The mean number of claims in a year for an insured driver is \theta. The parameter \theta reflects the risk characteristics of an insured driver. Since the population of insured drivers is large, there is uncertainty in the parameter \theta. Thus it is more appropriate to regard \theta as a random variable in order to capture the wide range of risk characteristics across the individuals in the population. As a result, the above probability function is not unconditional, but, rather, a conditional probability function of X.

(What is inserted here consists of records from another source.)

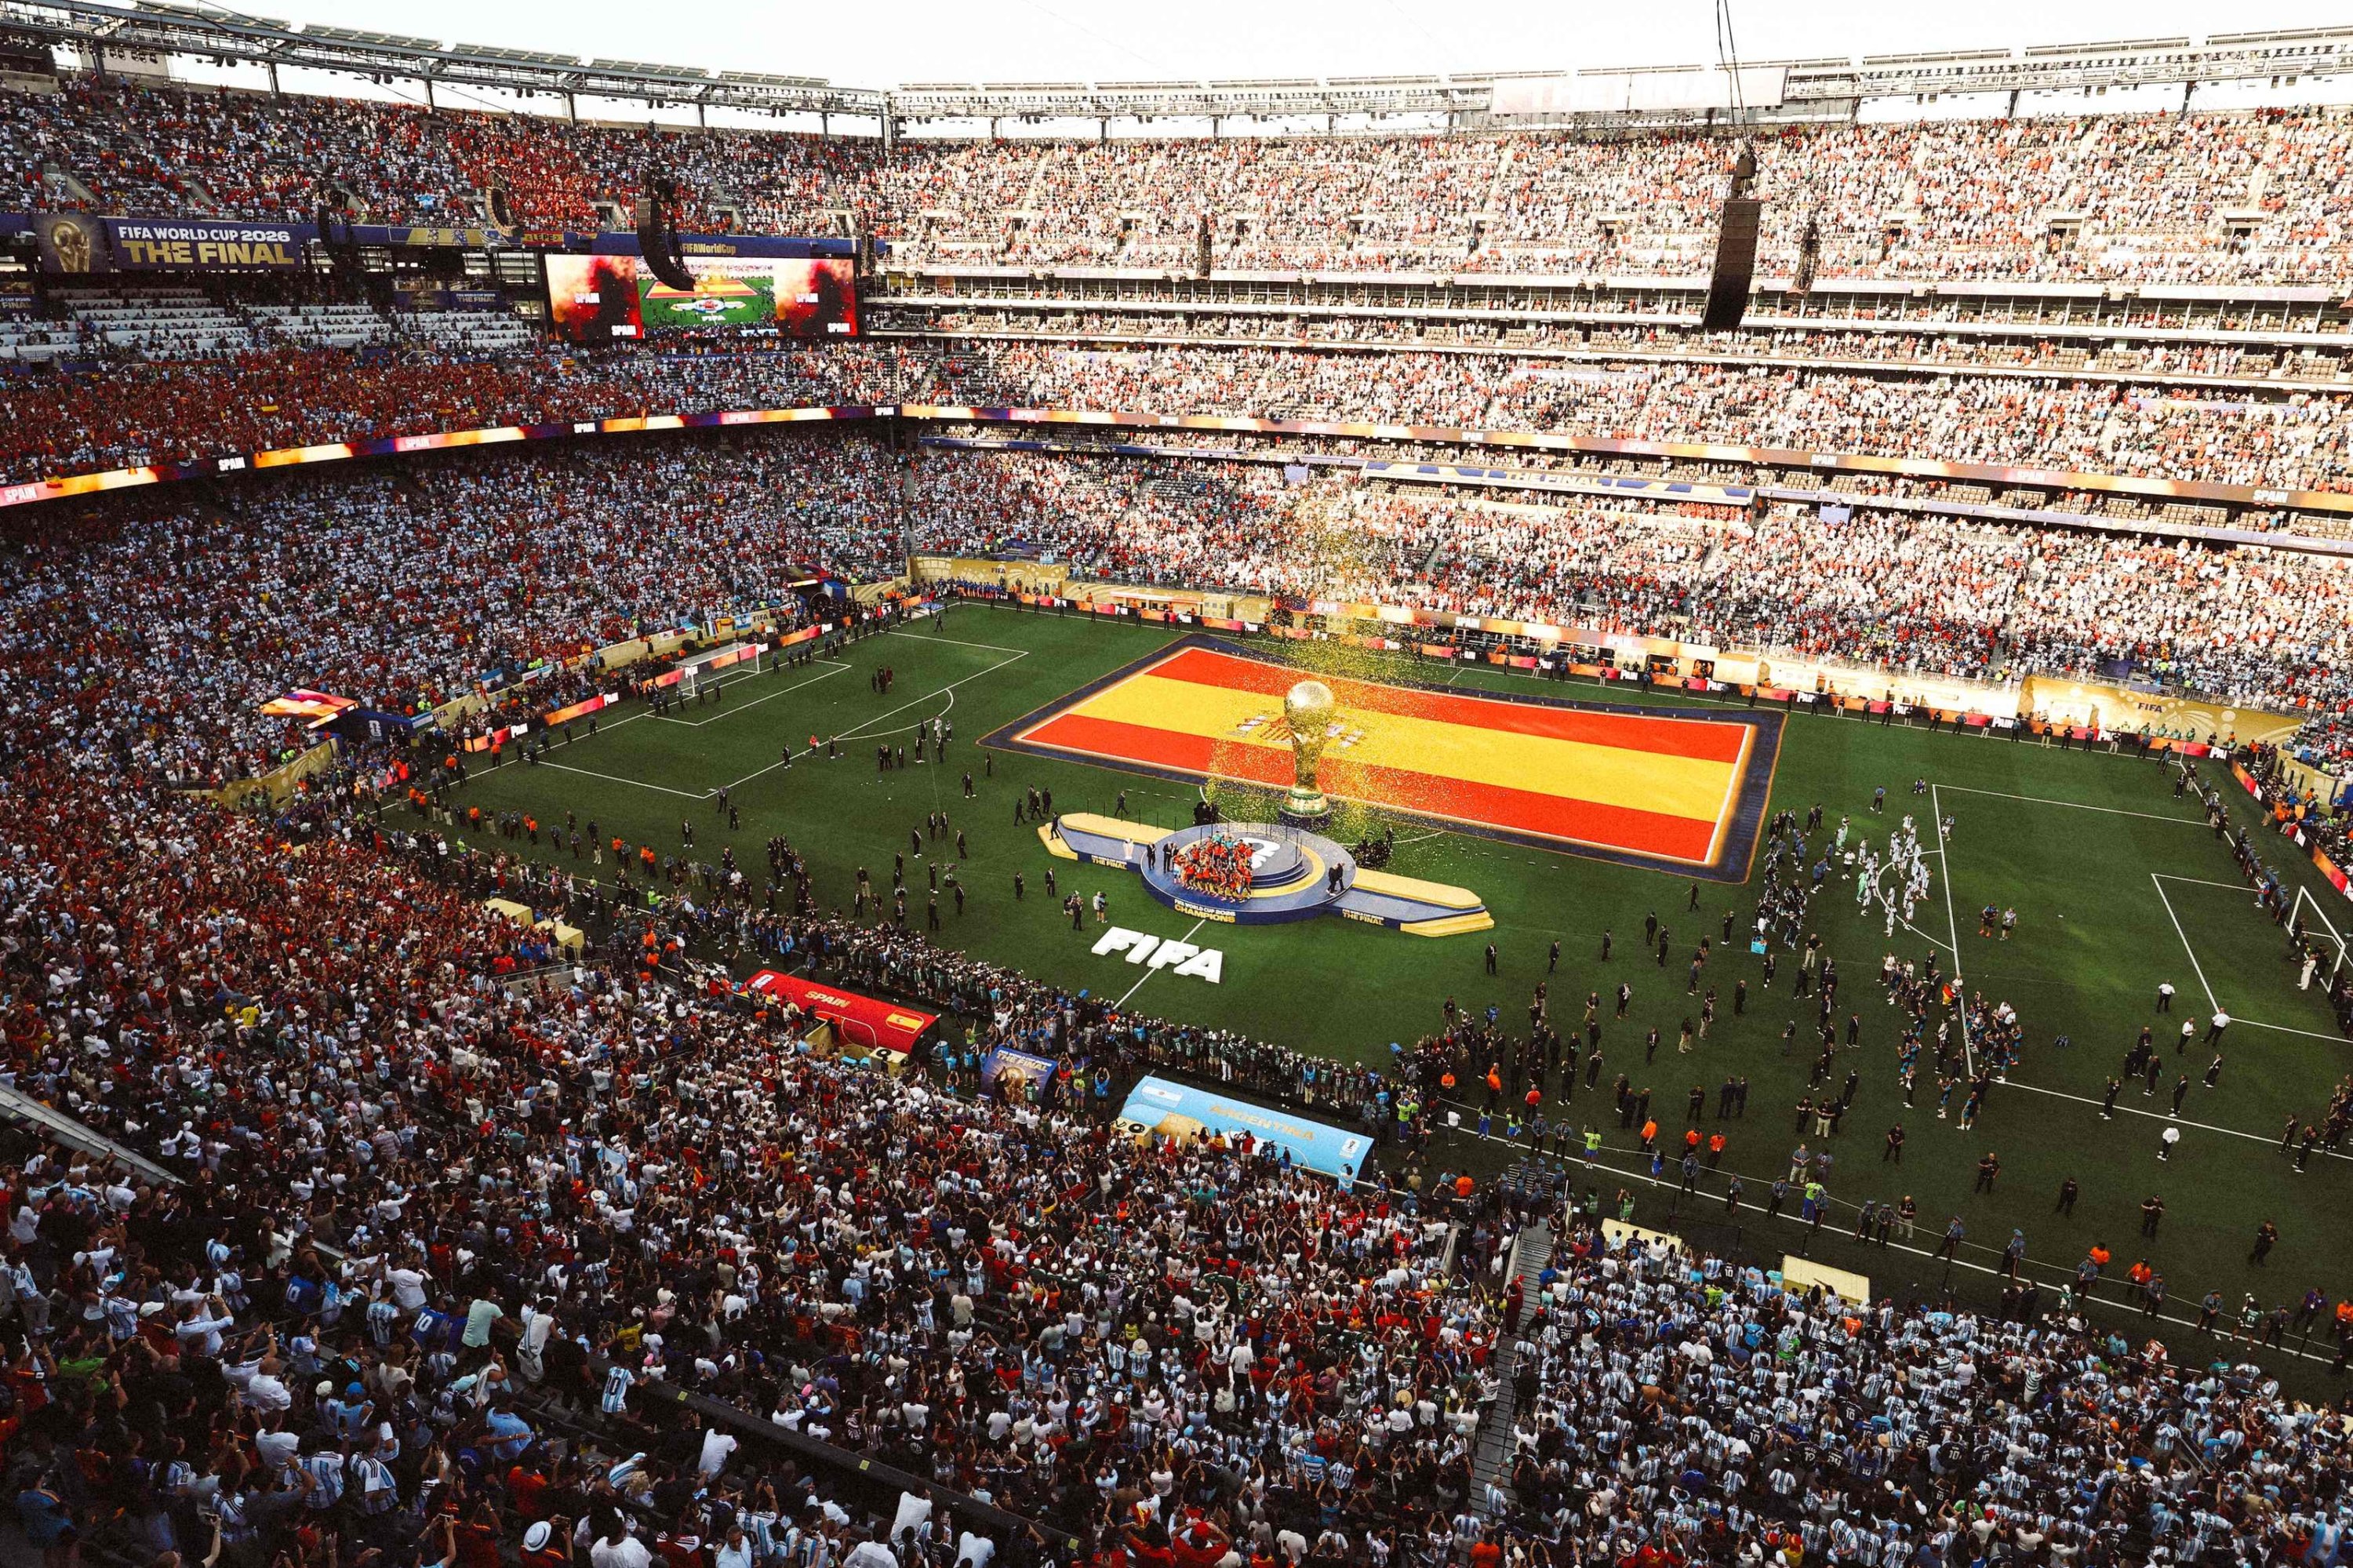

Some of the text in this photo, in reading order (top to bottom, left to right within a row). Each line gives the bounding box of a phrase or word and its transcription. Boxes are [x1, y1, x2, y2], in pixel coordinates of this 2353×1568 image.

[118, 226, 291, 242] FIFA WORLD CUP 2026
[121, 240, 295, 264] THE FINAL
[680, 243, 736, 255] FIFAWorldCup
[574, 293, 600, 304] SPAIN
[795, 293, 819, 304] SPAIN
[611, 325, 637, 337] SPAIN
[827, 322, 850, 333] SPAIN
[573, 422, 596, 434] SPAIN
[406, 437, 431, 449] SPAIN
[218, 456, 245, 471] SPAIN
[1810, 453, 1838, 466] SPAIN
[4, 486, 38, 503] SPAIN
[2252, 489, 2289, 504] SPAIN
[753, 614, 769, 623] FIFA
[2138, 702, 2163, 713] FIFA
[432, 709, 449, 722] FIFA
[1185, 903, 1203, 911] WORLD
[1174, 904, 1235, 923] CHAMPIONS
[1343, 912, 1384, 926] THE FINAL
[1091, 926, 1224, 984] FIFA
[805, 991, 851, 1008] SPAIN
[996, 1053, 1048, 1072] THE FINAL
[1209, 1105, 1315, 1141] ARGENTINA
[286, 1283, 300, 1302] 10
[1381, 1284, 1391, 1293] 10
[414, 1312, 433, 1333] 10
[1814, 1344, 1827, 1352] 32
[1913, 1373, 1922, 1382] 19
[607, 1376, 621, 1395] 10
[1708, 1406, 1715, 1414] 7
[1846, 1410, 1855, 1421] 10
[1709, 1438, 1719, 1449] 10
[1750, 1432, 1760, 1444] 10
[1915, 1438, 1929, 1448] 26
[1805, 1451, 1815, 1461] 19
[1949, 1450, 1959, 1460] 10
[1337, 1468, 1349, 1482] 10
[2012, 1480, 2023, 1490] 10
[2201, 1521, 2213, 1533] 10
[1862, 1539, 1872, 1552] 10
[1895, 1550, 1907, 1561] 10

What about the marginal (unconditional) probability function of X? Suppose that the pdf of \Theta has a gamma distribution with the following pdf:

    \displaystyle h_{\Theta}(\theta)=\frac{1}{\Gamma(\alpha)} \ \beta^\alpha \ \theta^{\alpha-1} \ e^{-\beta \theta}

where \alpha>0 and \beta>0 are known parameters of the gamma distribution. Then the unconditional pdf of X is the weighted average of the conditional Poisson distribution.

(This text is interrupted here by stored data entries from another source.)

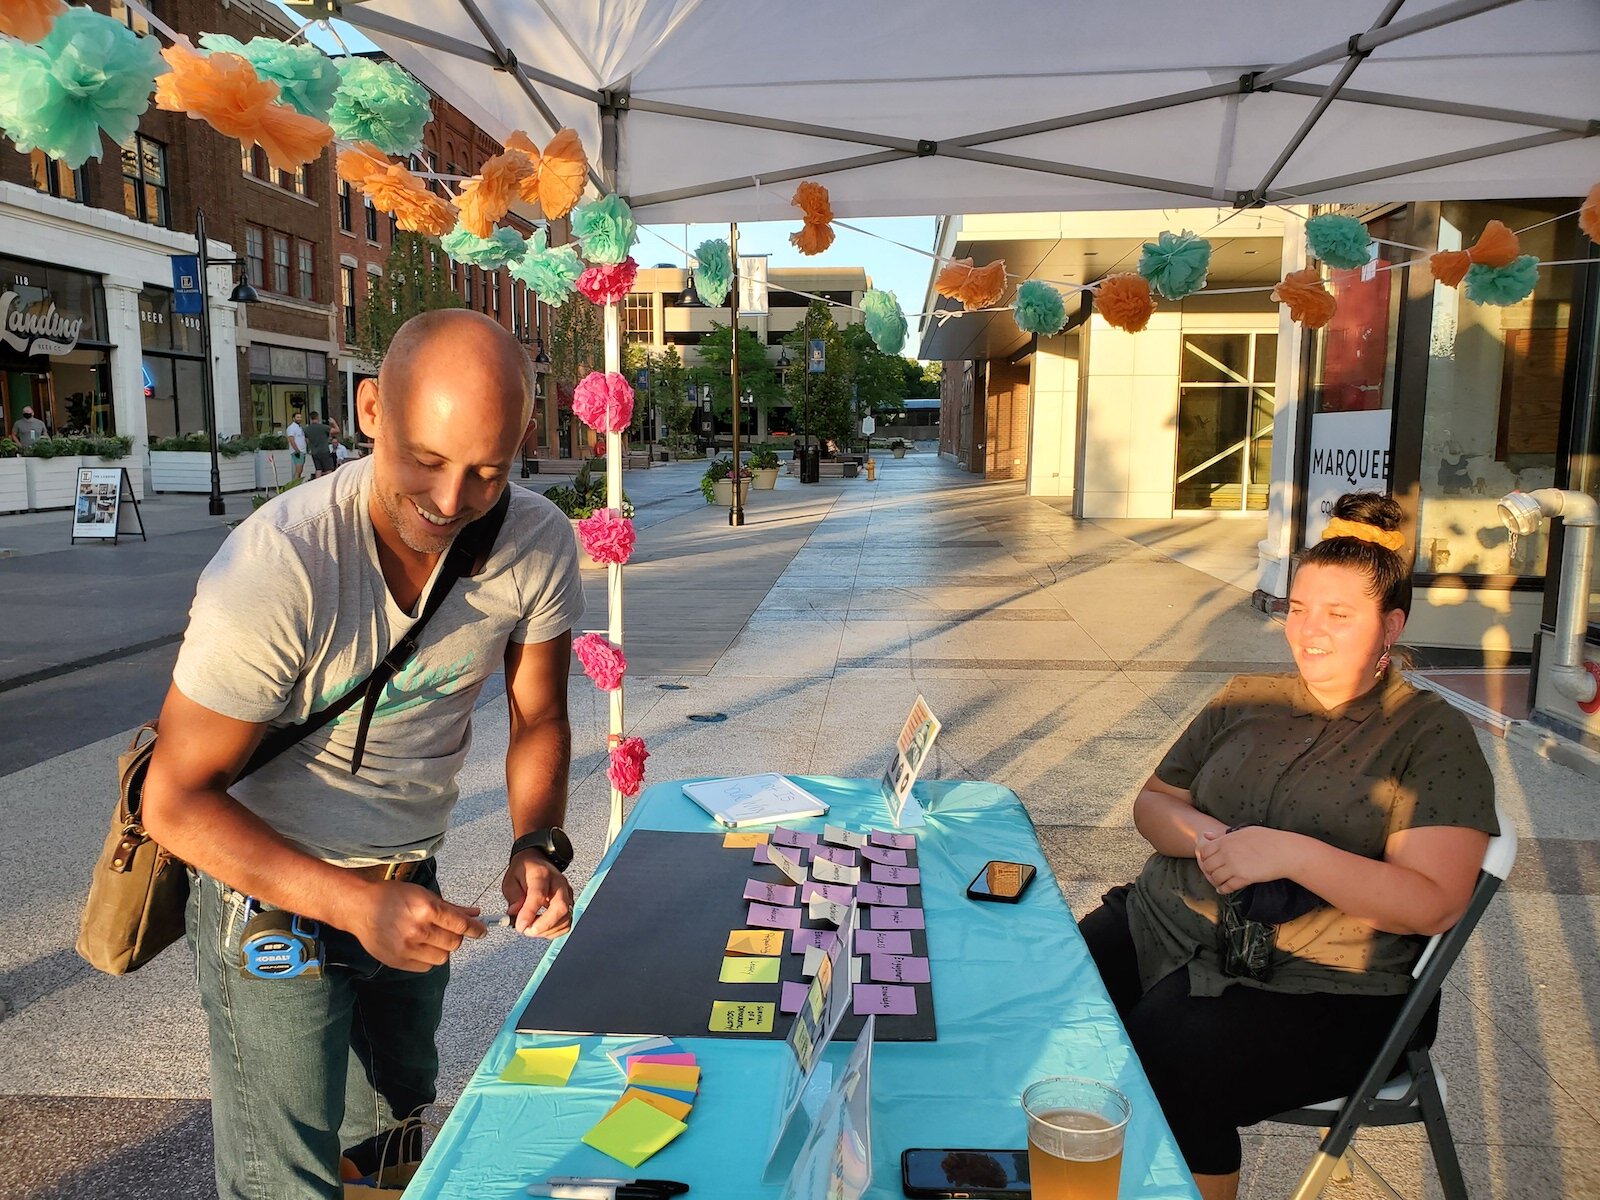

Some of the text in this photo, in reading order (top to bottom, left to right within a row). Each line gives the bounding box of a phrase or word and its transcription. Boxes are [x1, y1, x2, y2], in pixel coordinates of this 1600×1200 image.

[15, 275, 29, 286] 118
[0, 291, 83, 357] Landing
[141, 311, 163, 324] BEER
[1312, 448, 1390, 486] MARQUEE
[255, 954, 291, 962] KOBALT

    \displaystyle \begin{aligned} P(X=x)&=\int_0^\infty P(X=x \lvert \Theta=\theta) \ h_{\Theta}(\theta) \ d \theta \\&=\int_0^\infty \frac{e^{-\theta} \ \theta^x}{x!} \ \frac{1}{\Gamma(\alpha)} \ \beta^\alpha \ \theta^{\alpha-1} \ e^{-\beta \theta}  \\&= \frac{\beta^\alpha}{x! \Gamma(\alpha)} \int_0^\infty \theta^{x+\alpha-1} \ e^{(\beta+1) \theta} \ d \theta  \\&=\frac{\beta^\alpha}{x! \Gamma(\alpha)} \ \frac{\Gamma(x+\alpha)}{(\beta+1)^{x+\alpha}} \int_0^\infty \frac{1}{\Gamma(x+\alpha)} \ (\beta+1)^{x+\alpha} \ \theta^{x+\alpha-1} \ e^{(\beta+1) \theta} \ d \theta \\&=\frac{\beta^\alpha}{x! \Gamma(\alpha)} \ \frac{\Gamma(x+\alpha)}{(\beta+1)^{x+\alpha}} \\&=\frac{\Gamma(x+\alpha)}{x! \ \Gamma(\alpha)} \ \biggl(\frac{\beta}{\beta+1} \biggr)^\alpha \biggl(\frac{1}{\beta+1} \biggr)^x \ \ x=0,1,2,\cdots \end{aligned}

Note that the integral in the 4th step is 1 since the integrand is a gamma density function. The probability function at the last step is that of a negative binomial distribution. If the parameter \alpha is a positive integer, then the following gives the probability function of X after simplifying the expression with gamma function.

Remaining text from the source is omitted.